Ainsi lui est expliquée la volonté du peuple ukrainien, depuis le moyen-âge, de conserver sa langue, sa culture et à son indépendance. Tout commence par la naissance et la christianisation de la Rus’ de Kiev, une principauté slave. Cette nation commune ancestrale sert de base aux revendications russes sur le territoire ukrainien. C’est par la force qu’à toutes les époques l’empire russe a voulu s’approprier ce territoire : élimination des Cosaques au 18e siècle, éradication de la langue ukrainienne au 19e siècle, destruction de la culture par l’assassinat des élites intellectuelles ukrainiennes au début du 20e siècle, et surtout, l’Holodomor au début des années 1930, massacre des Ukrainiens par les communistes de l’URSS, considéré comme un génocide. Après la chute du communisme, des élections truquées mènent au pouvoir des dirigeants pro-russes. Face aux révoltions populaires, la Crimée puis le Donbass sont attaqués…

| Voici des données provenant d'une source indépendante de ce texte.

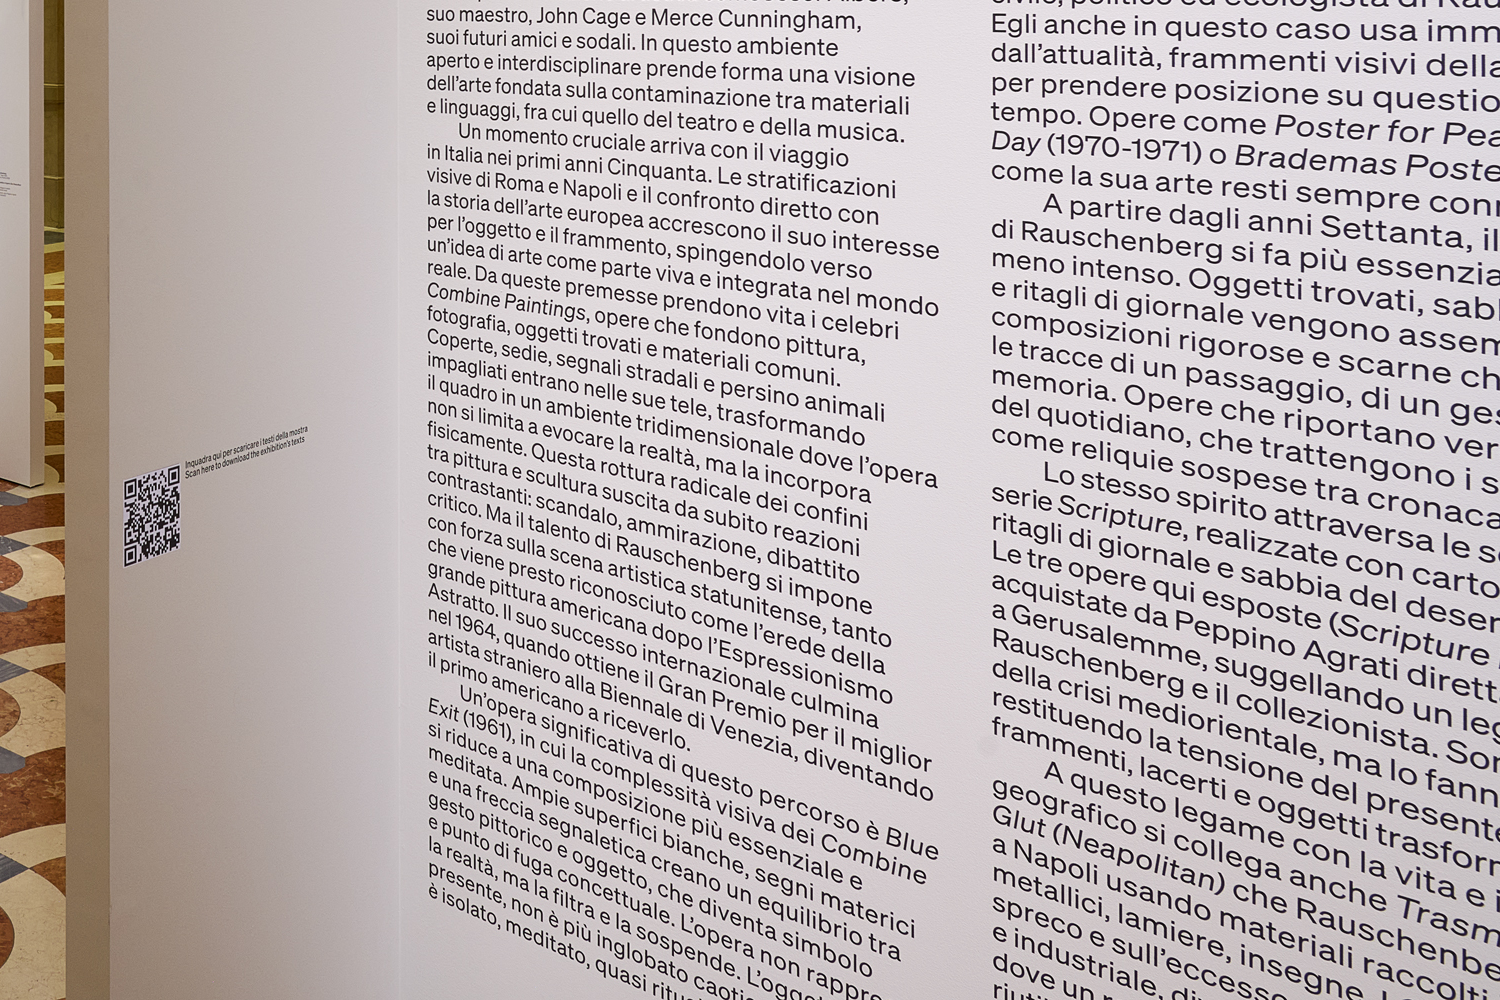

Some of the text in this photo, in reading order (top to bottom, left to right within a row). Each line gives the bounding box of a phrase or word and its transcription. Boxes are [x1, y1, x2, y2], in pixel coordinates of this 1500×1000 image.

[426, 6, 862, 34] suo maestro, John Cage e Merce Cunningham,
[427, 144, 896, 199] in Italia nei primi anni Cinquanta. Le stratificazioni
[991, 129, 1042, 157] Day
[1047, 132, 1202, 166] (1970-1971)
[1209, 147, 1227, 165] o
[1234, 143, 1398, 176] Brademas
[427, 281, 866, 367] Combine Paintings, opere che fondono pittura,
[185, 455, 211, 468] Inquadra
[213, 451, 221, 462] qui
[223, 449, 232, 460] per
[233, 441, 259, 454] scaricare
[263, 434, 275, 445] testi
[276, 431, 288, 441] della
[289, 425, 308, 437] mostra
[185, 468, 200, 479] Scan
[201, 463, 214, 474] here
[215, 461, 221, 470] to
[222, 452, 249, 468] download
[250, 449, 259, 459] the
[292, 435, 305, 446] texts
[991, 428, 1065, 454] come
[1071, 440, 1174, 473] reliquie
[1180, 459, 1308, 497] sospese
[1314, 477, 1360, 506] tra
[991, 574, 1128, 619] acquistate
[1133, 602, 1169, 629] da
[1175, 609, 1296, 657] Peppino
[1302, 639, 1398, 681] Agrati
[428, 697, 927, 885] Exit (1961), in cui la complessità visiva dei Combine
[992, 837, 1008, 856] a
[1014, 838, 1098, 886] Napoli
[1106, 873, 1212, 921] usando
[1219, 910, 1353, 969] materiali
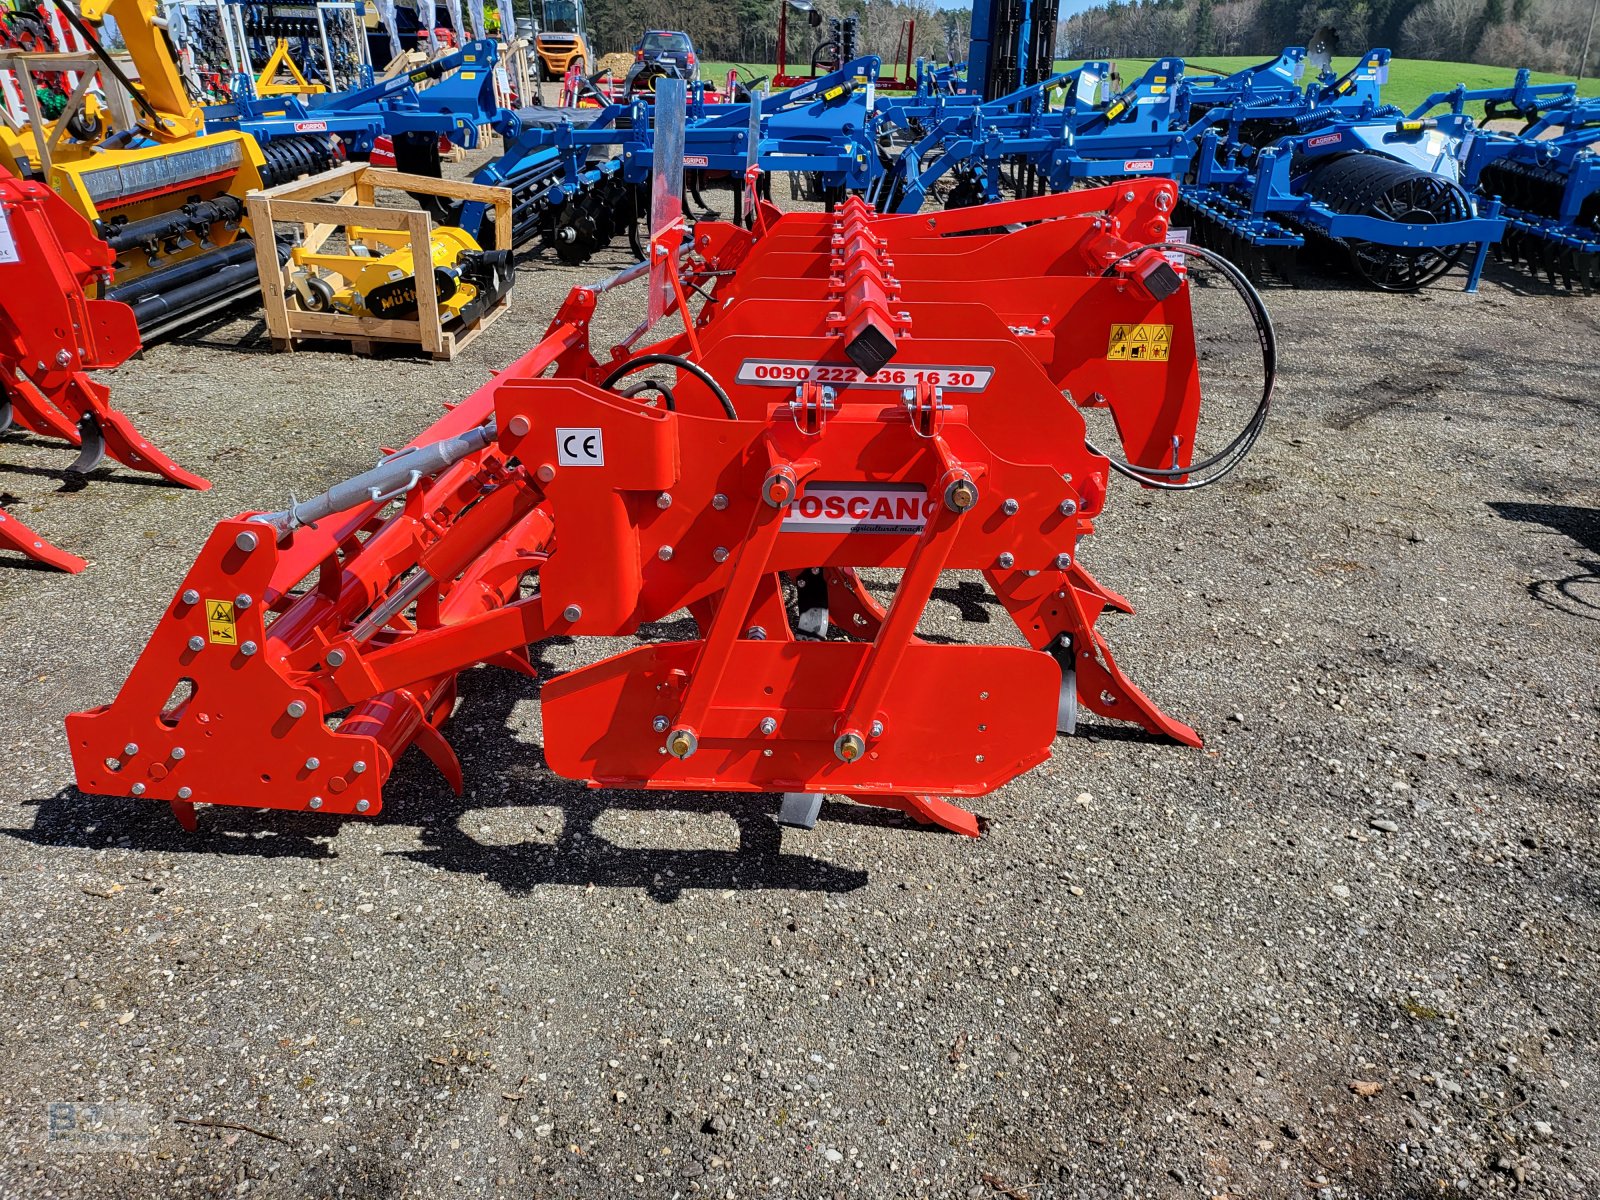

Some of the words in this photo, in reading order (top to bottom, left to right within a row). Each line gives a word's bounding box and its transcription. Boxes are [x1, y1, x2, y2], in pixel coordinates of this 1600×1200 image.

[755, 365, 810, 380] 0090
[816, 368, 858, 382] 222
[914, 371, 941, 385] 16
[947, 372, 975, 386] 30
[563, 435, 598, 459] CE

La scénariste Mariam Naiem, intellectuelle ukrainienne d’origine afghane, veut montrer qu’au lieu d’affaiblir les Ukrainiens, ces épreuves ont créé un sentiment national et identitaire. A cette fin, son récit alterne entre la vie quotidienne d’une jeune Ukrainienne vivant sous les bombardements et un voyage à travers l’Histoire, en remontant jusqu’au Moyen Âge, afin de proposer une vision enracinée de l’Ukraine. Elle considère que l’Etat actuel ukrainien a pour origine la Rus’ de Kiev, où le Prince Vladimir le Grand avait imposé le christianisme. Il s’agit récit documentaire militant. Curieusement, une seule case montre Volodymyr Zelensky, le président actuel de l’Ukraine.

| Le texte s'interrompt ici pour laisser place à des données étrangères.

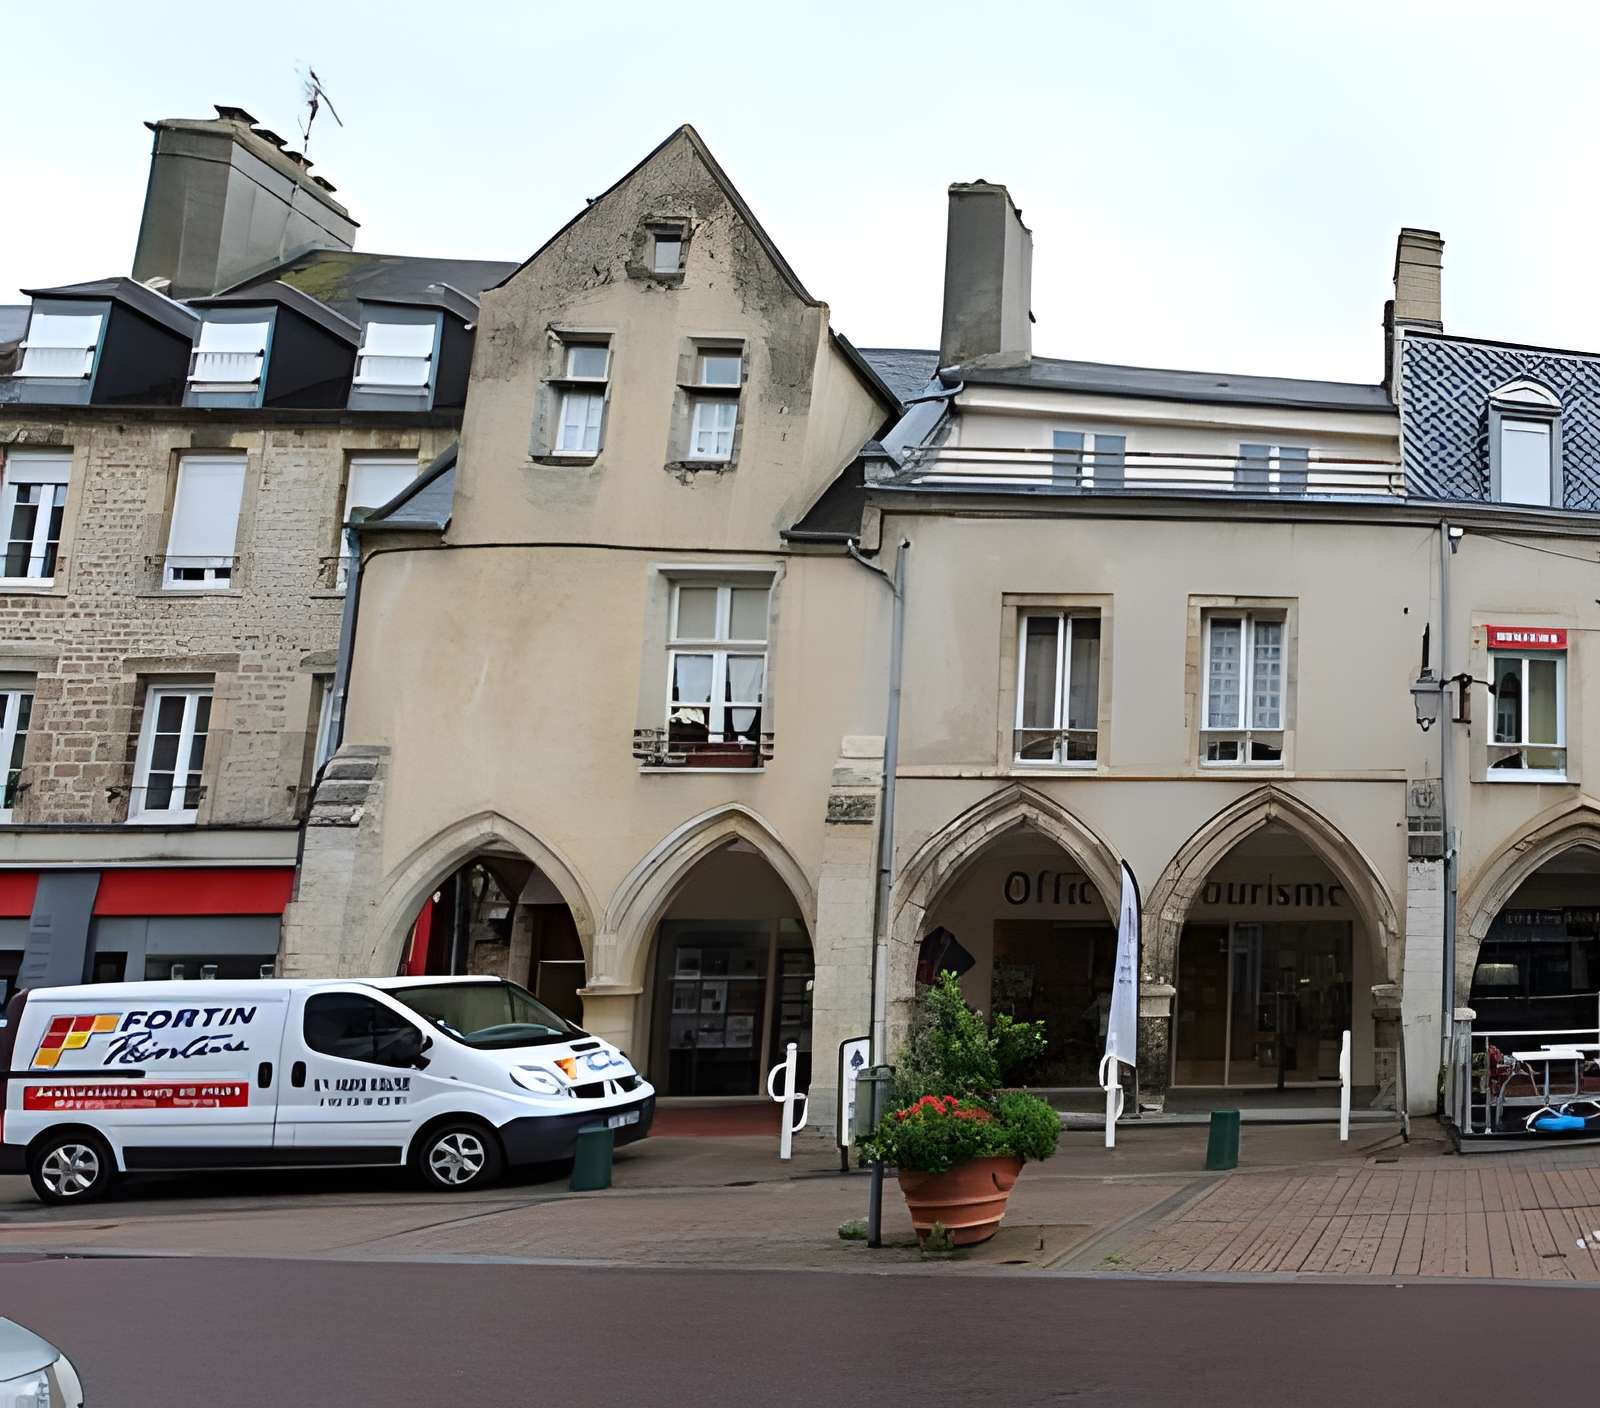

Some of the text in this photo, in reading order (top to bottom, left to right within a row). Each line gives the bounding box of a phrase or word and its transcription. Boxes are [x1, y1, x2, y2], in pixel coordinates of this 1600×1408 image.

[1003, 870, 1345, 907] Offic ourisme
[120, 1006, 257, 1032] FORTIN

Les dessinateurs Yulia Vus et Ivan Kypibidia habitent à Lviv, en Ukraine. Le crayonné est saisissant d’expressivité. Les visages sont déformés par la peur. L’angoisse est palpable. Leur noir et blanc est agrémenté de teintes oranges, sans doute pour évoquer la « révolution orange ».

Ukraine : Petite histoire d’une longue guerre avec la Russie du moyen-âge à nos jours, 104 pages, 19,99 euros. Editions Robinson.

2- Les cahiers Ukrainiens Journal d’une invasion.

Le 24 février 2022, l’invasion russe vient de commencer. C’est le début de « l’opération spéciale ». Kiev doit tomber en 48 heures d’après le maitre du Kremlin. Dès le lendemain, le téléphone de l’auteur italien Igor Tuveri, appelé Igort, sonne sans cesse. Il enregistre quotidiennement des dizaines d’appels téléphoniques décrivant les privations de nourriture et d’eau, la recherche des membres de sa famille… Il parvient ainsi à raconter, au jour le jour, l’invasion telle qu’elle se déroule chez les habitants.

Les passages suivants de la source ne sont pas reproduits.